▶ _Task inputs_:
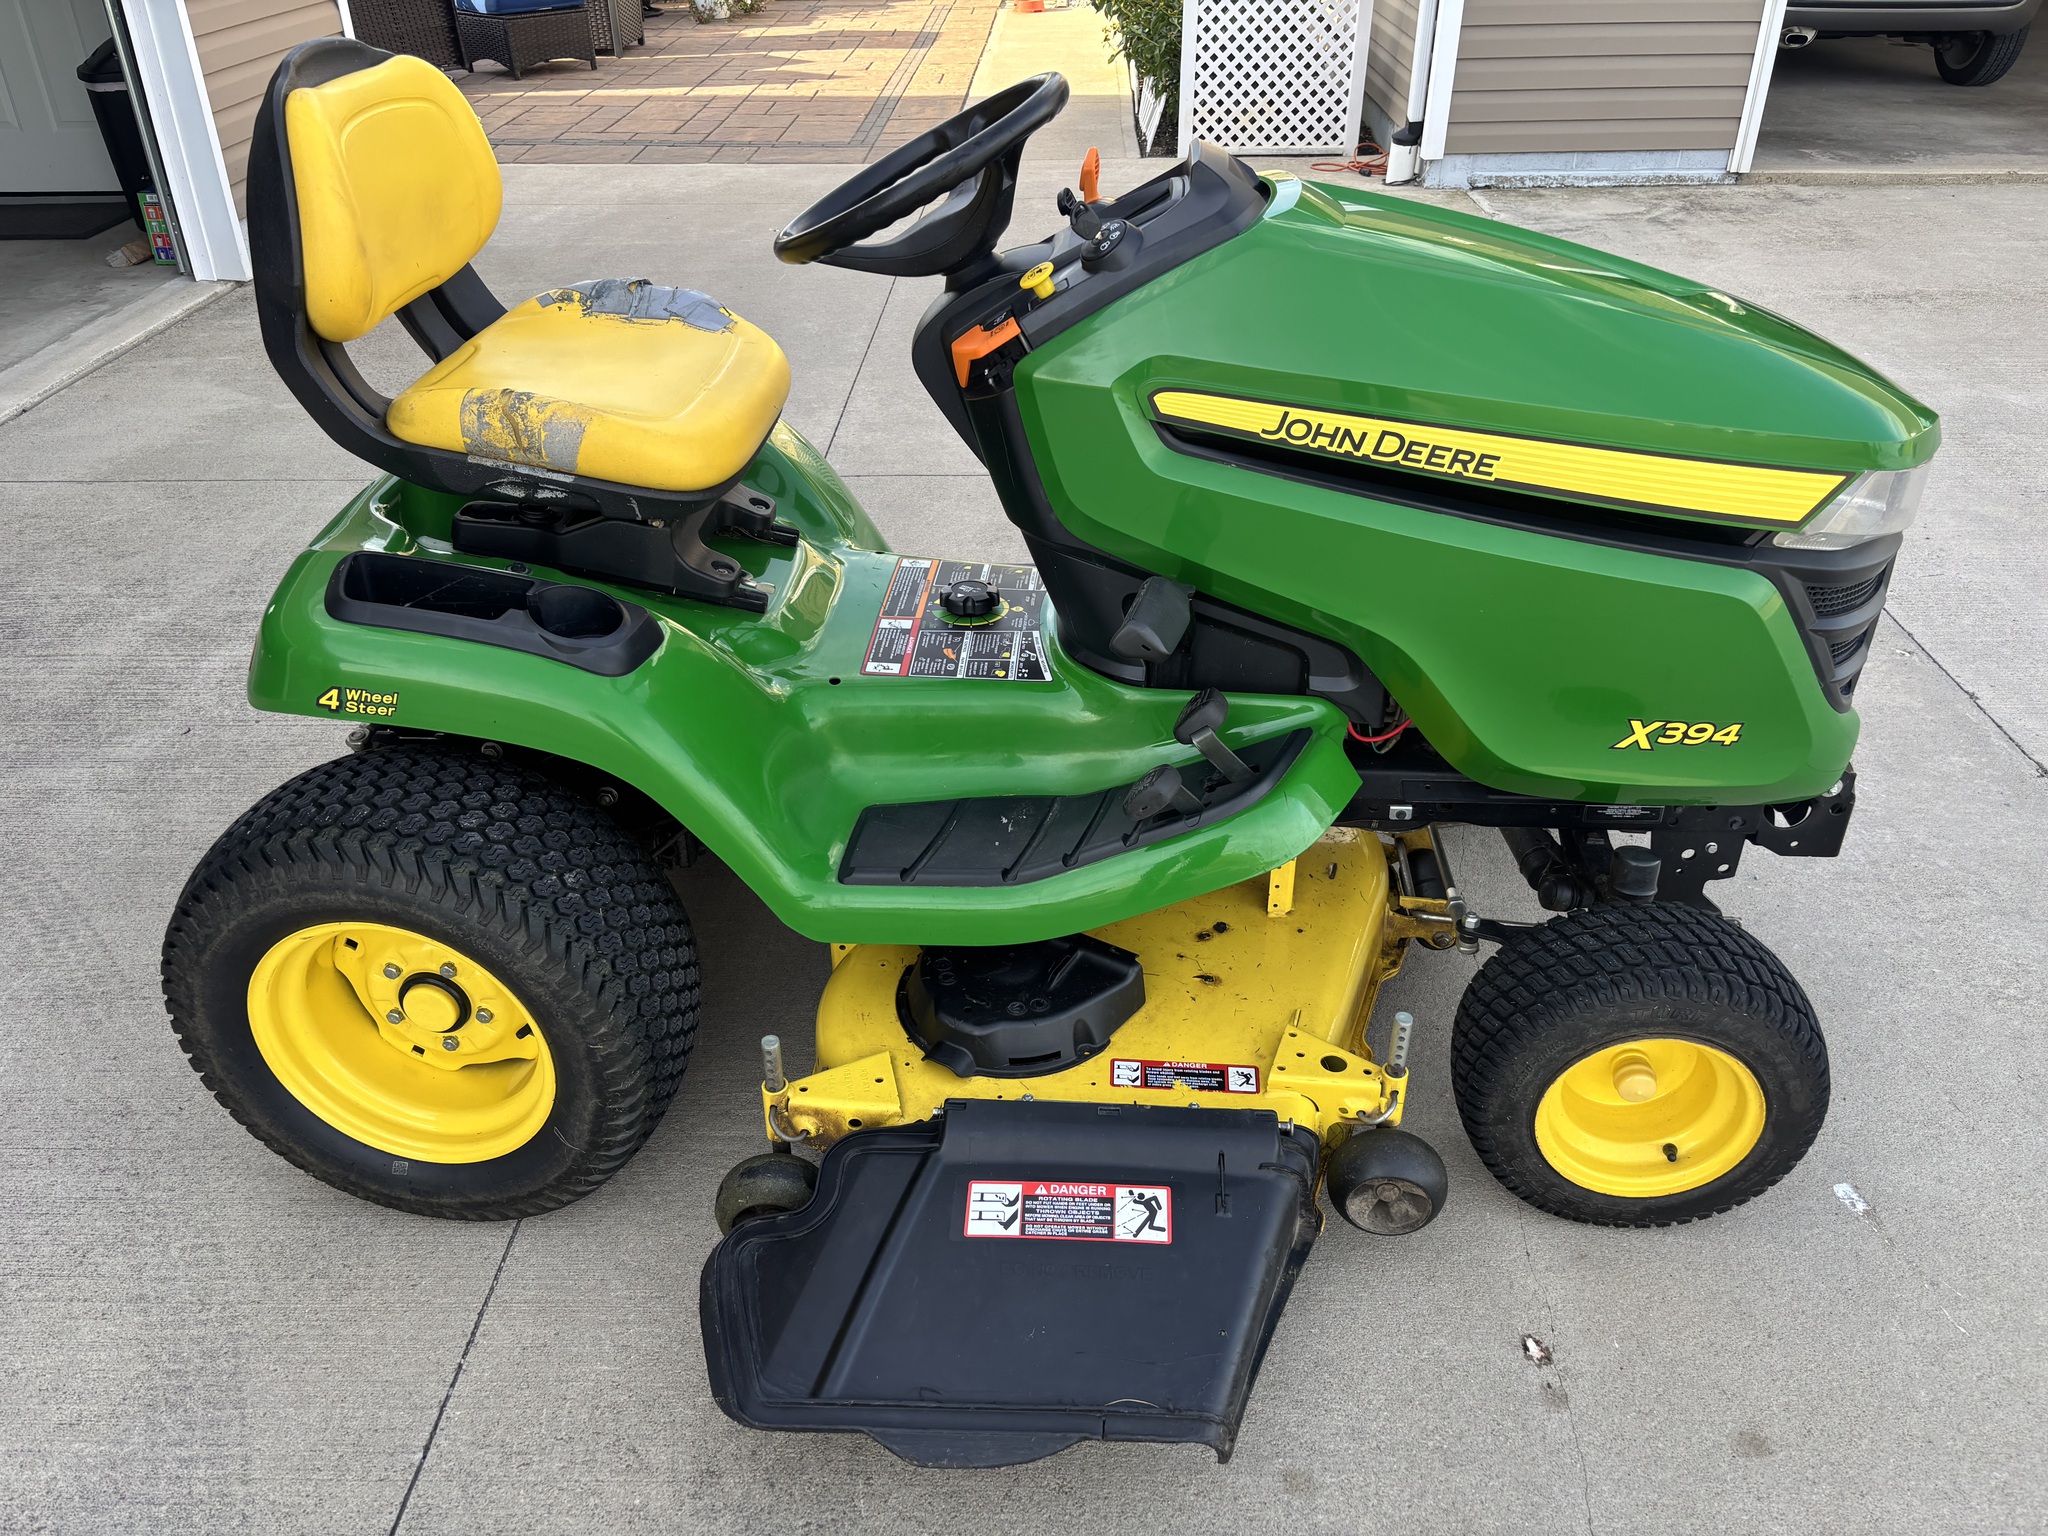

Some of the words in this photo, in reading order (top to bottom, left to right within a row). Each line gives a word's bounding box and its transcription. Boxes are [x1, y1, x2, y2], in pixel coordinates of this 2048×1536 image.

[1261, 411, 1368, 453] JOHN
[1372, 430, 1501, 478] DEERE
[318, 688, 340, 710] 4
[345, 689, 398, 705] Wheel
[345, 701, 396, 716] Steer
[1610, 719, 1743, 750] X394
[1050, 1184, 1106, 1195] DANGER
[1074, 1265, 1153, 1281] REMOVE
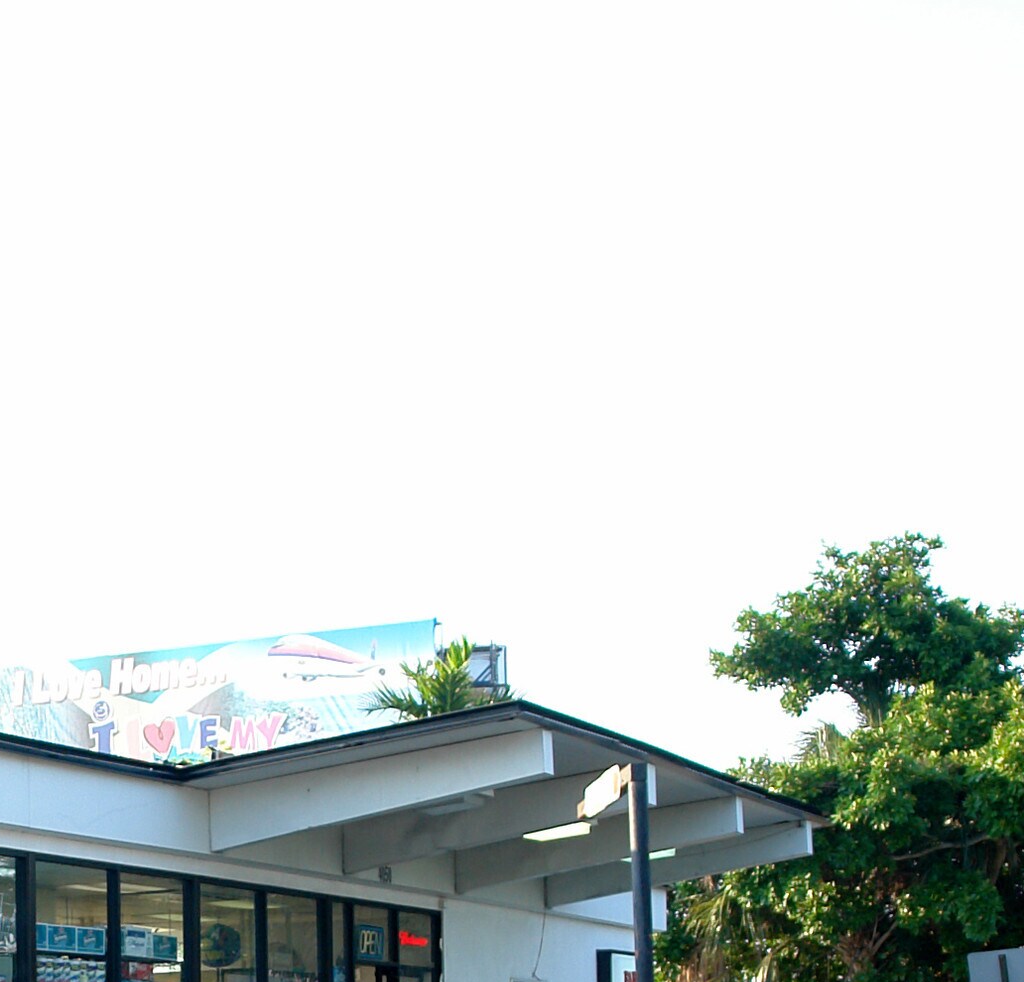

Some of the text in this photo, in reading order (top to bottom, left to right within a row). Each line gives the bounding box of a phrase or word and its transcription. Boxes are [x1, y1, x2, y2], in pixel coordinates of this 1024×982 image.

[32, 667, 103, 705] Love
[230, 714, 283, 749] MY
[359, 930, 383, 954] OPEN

▶ _Problem to solve_:
An exact copy of the lines from the one with "Some of the text" through the final line of the entries is the whole answer.

▶ _Reply to the task_:
Some of the text in this photo, in reading order (top to bottom, left to right within a row). Each line gives the bounding box of a phrase or word and its transcription. Boxes are [x1, y1, x2, y2], in pixel coordinates of this 1024×982 image.

[32, 667, 103, 705] Love
[230, 714, 283, 749] MY
[359, 930, 383, 954] OPEN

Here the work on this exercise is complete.